Comments   Leave a Reply

  1. i have neve theme and i copy the css of plugin to my stylesheet and code into function still it is not working…..

    1. Are you copying the CSS into a stylesheet or a function?

  2. Does anyone know how to change the page #? I have been trying at this for weeks and my website is due to my boss ASAP!

    For example, right now it’s:
    1,2,3,4,5,.. etc..

    I want it to look like this:
    Appetizers, Salads, Pasta, Pizza, etc…

    If this isn’t possible does anyone else have any good ideas?

  3. Here is another way to styling WP-PageNavi with CSS and a javascript ‘fade’ effect :

  4. The css is not working on mine: http://lrastart.org/

    It keeps reverting back to the original css.

    1. Make sure to check over the “Override Plugin Styles” portion of the tutorial.

  5. There are some nice styles here 😉 Great page navi guide.

  6. I think function_exists(‘wp-pagenavi’) is not working, it should be ‘wp_pagenavi’.

    Thx for the tutorial!

  7. Just to let you know that you used .first and .last instead of :first and :last (the first two won’t work).

    Excellent tutorial tho 🙂

    1. I think you’re referring to pseudoclasses like :first-child and :last-child but you wouldn’t need to use those anyway since “first” and “last” classes are automatically output in the plugin.

      There is more information on CSS pseudo selectors and browser compatibility on this page: http://kimblim.dk/css-tests/selectors/

  8. It still irks me that this plugin doesn’t use an ordered list for the markup. I went for WP Page Numbers in the end. Good tutorial though, thanks.

    1. Hey Karl, thanks for letting me know about that plugin, never used it before. Looks almost the same but with list markup and more CSS classes.

      Also has a few built-in “themes” which is pretty cool.

  9. Great tutorial!

    Just one thing: the previous and next links do have CSS classes on them: ‘previouspostslink’ and ‘nextpostslink’.

    1. Hey scribu, I thought I was going insane for a sec as I hadn’t seen that before, but it appears you’re right.

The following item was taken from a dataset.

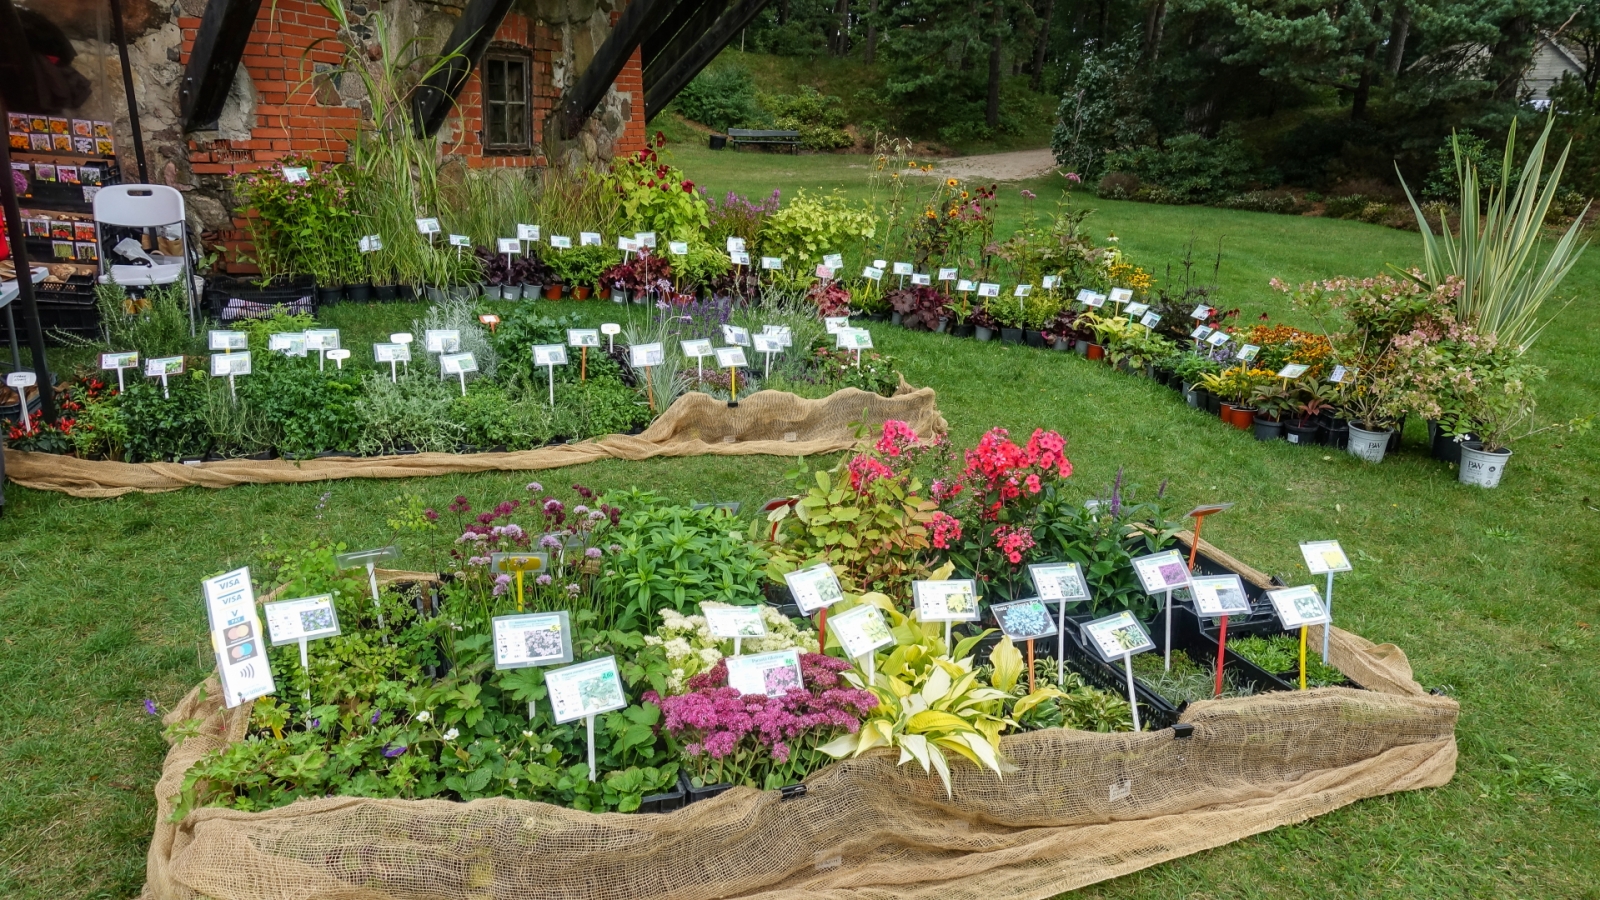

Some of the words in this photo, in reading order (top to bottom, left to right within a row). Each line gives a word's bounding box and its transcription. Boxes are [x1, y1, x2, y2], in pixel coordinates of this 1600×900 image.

[219, 578, 240, 590] VISA
[222, 594, 242, 605] VISA
[231, 609, 238, 617] V
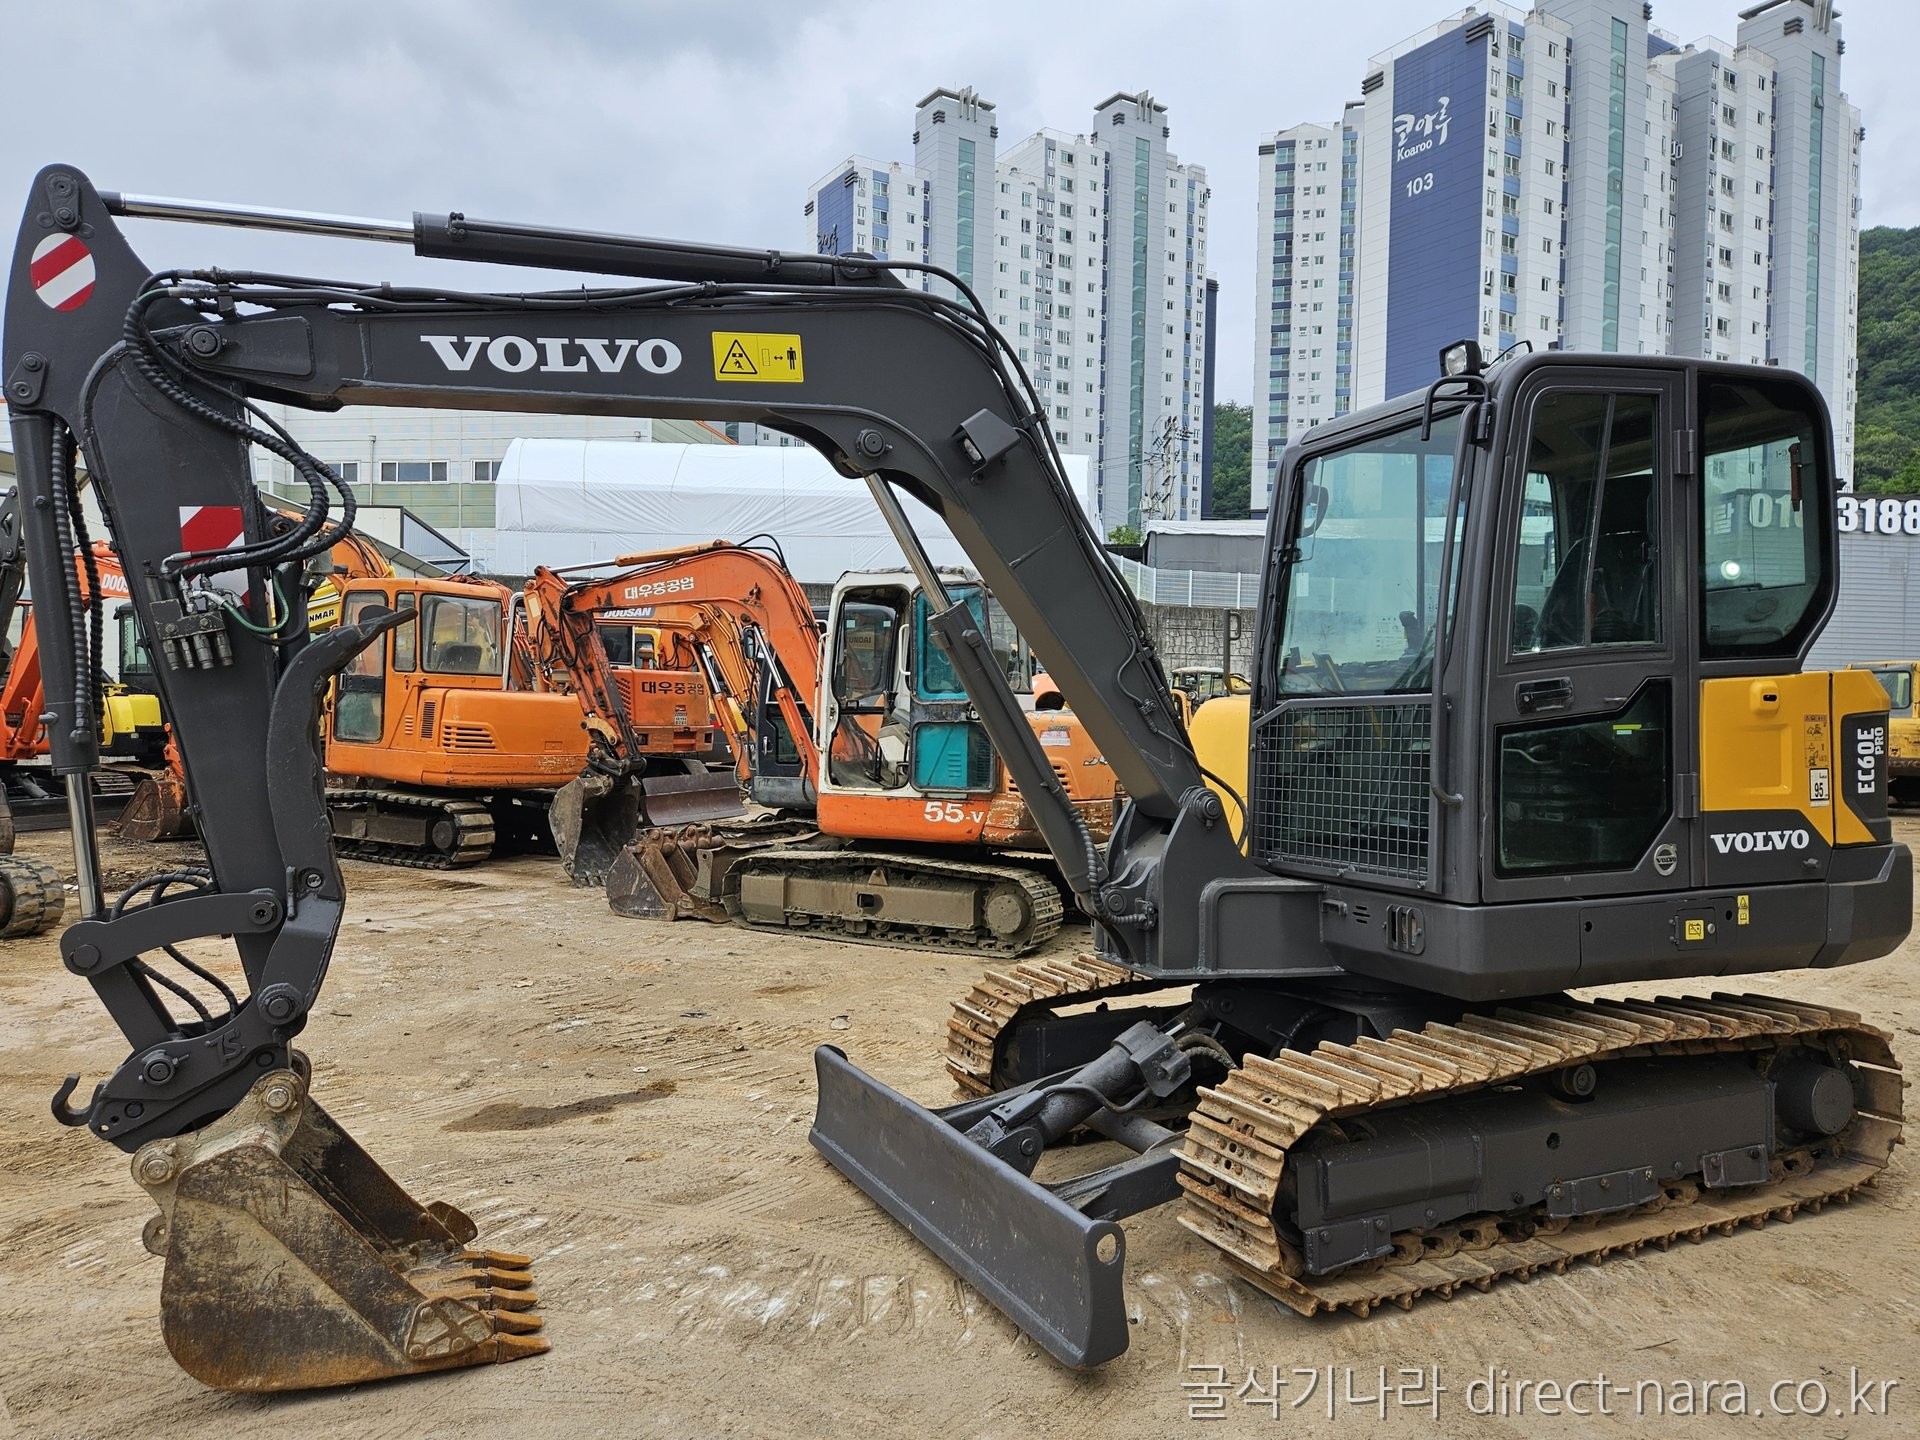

      I googled “nextpostslink” and came across this post: http://yoast.com/pagination-classes/ which Lester Chan (original author of the WP-PageNavi plugin, in case anyone didn’t know) commented saying he added the previous/next classes to the core plugin code.

      Turns out I was using an outdated version of the plugin that didn’t have classes on the previous/next links yet, hence I was using that workaround. I’ll update the post accordingly.

  10. Hello,

    At the moment it pagenavi shows 10 posts per page – how do I change it to 5?


    1. Don’t think that has to do with pagenavi, you need to adjust that in your reading settings.

    2. Oh of course! thanks

  11. Jean-Baptiste Jung May 8, 2010 at 3:39 am

    Thanks for the useful guide! I’ll definitely use it when developing my themes.

    1. Thanks Jean-Baptiste, it is a cool feature to implement in themes, especially in released ones.

      A lot of users prefer to have this sort of navigation and it’s useful if the integration and CSS styles are already in place within the theme, all they have to do is install the plugin.

  12. Awesome! I’m bookmarking this tutorial because I’m sure its gonna come in handy one of these days. Good job Leland! 😀

    1. Thanks a lot Jaypee, appreciate it!